_Your objective_.
Please copy the records below word for word, leaving out the pictures.

START Extracted records

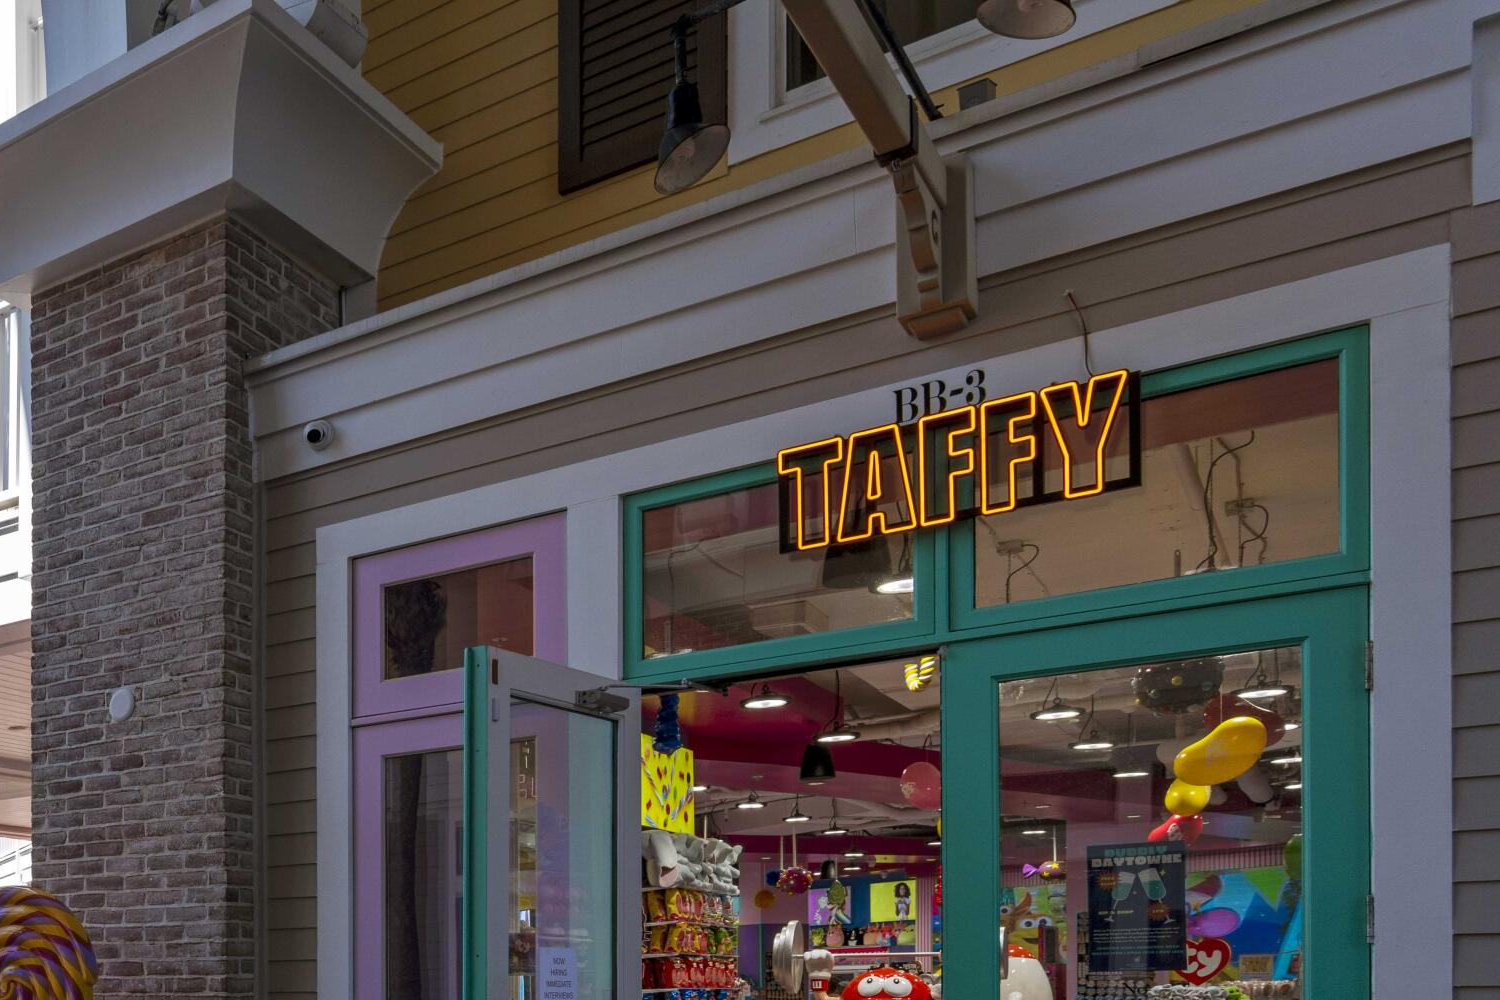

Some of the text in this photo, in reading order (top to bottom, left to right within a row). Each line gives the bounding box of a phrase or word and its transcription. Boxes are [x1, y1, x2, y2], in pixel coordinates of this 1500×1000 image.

[893, 369, 986, 423] BB-3
[777, 369, 1128, 550] TAFFY
[1091, 853, 1183, 868] BAYTOWNE
[553, 957, 566, 965] NOW
[550, 968, 568, 977] HIRING
[546, 980, 573, 988] IMMEDIATE
[1122, 981, 1149, 994] No
[543, 991, 574, 1000] INTERVIEWS
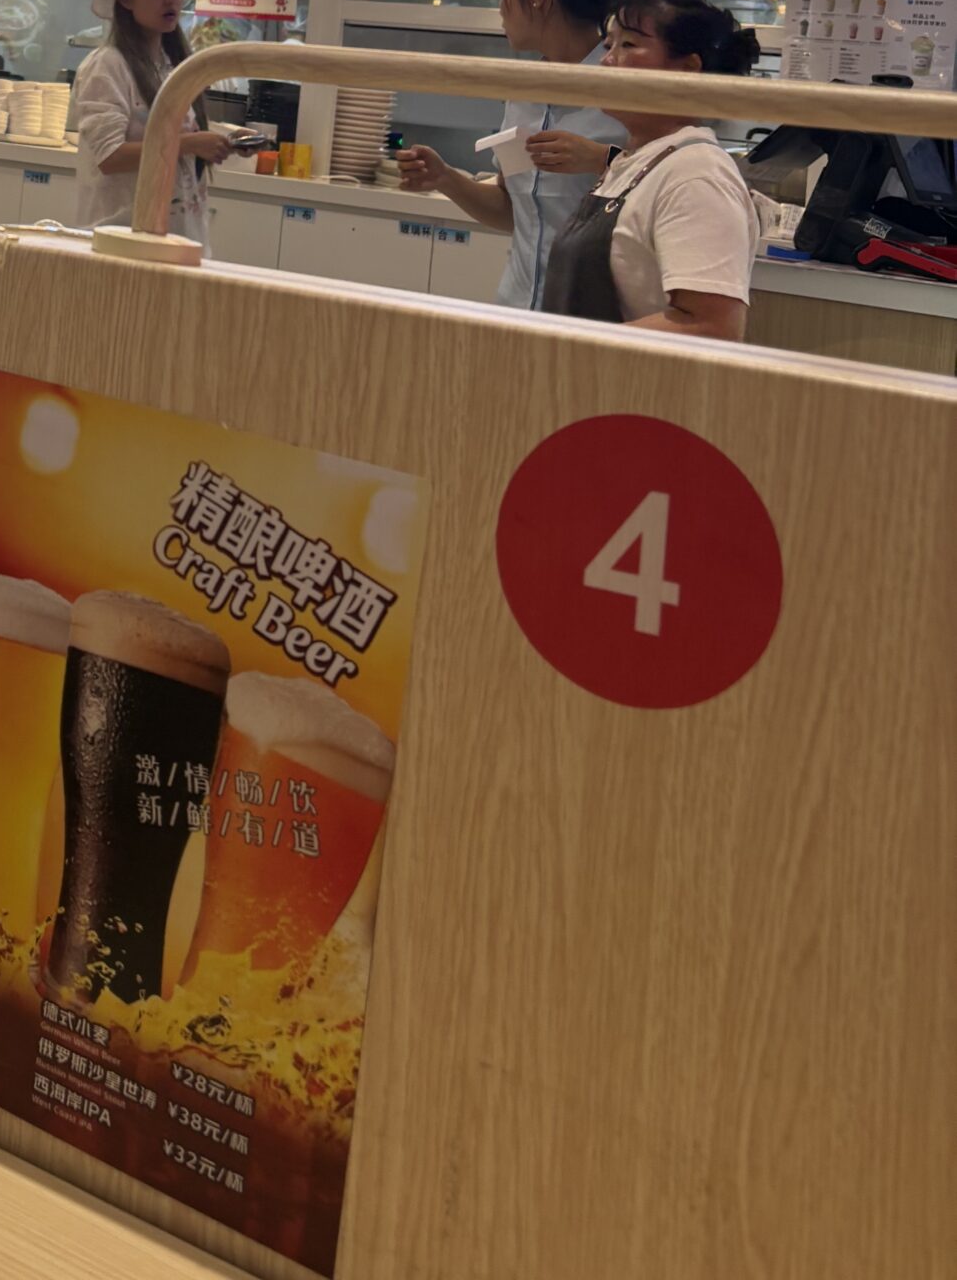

END Extracted records

_Solution to this exercise_.
Some of the text in this photo, in reading order (top to bottom, left to right within a row). Each line gives the bounding box of a phrase or word and its transcription. Boxes are [x1, y1, x2, y2], in pixel coordinates of this 1500×1000 image.

[893, 369, 986, 423] BB-3
[777, 369, 1128, 550] TAFFY
[1091, 853, 1183, 868] BAYTOWNE
[553, 957, 566, 965] NOW
[550, 968, 568, 977] HIRING
[546, 980, 573, 988] IMMEDIATE
[1122, 981, 1149, 994] No
[543, 991, 574, 1000] INTERVIEWS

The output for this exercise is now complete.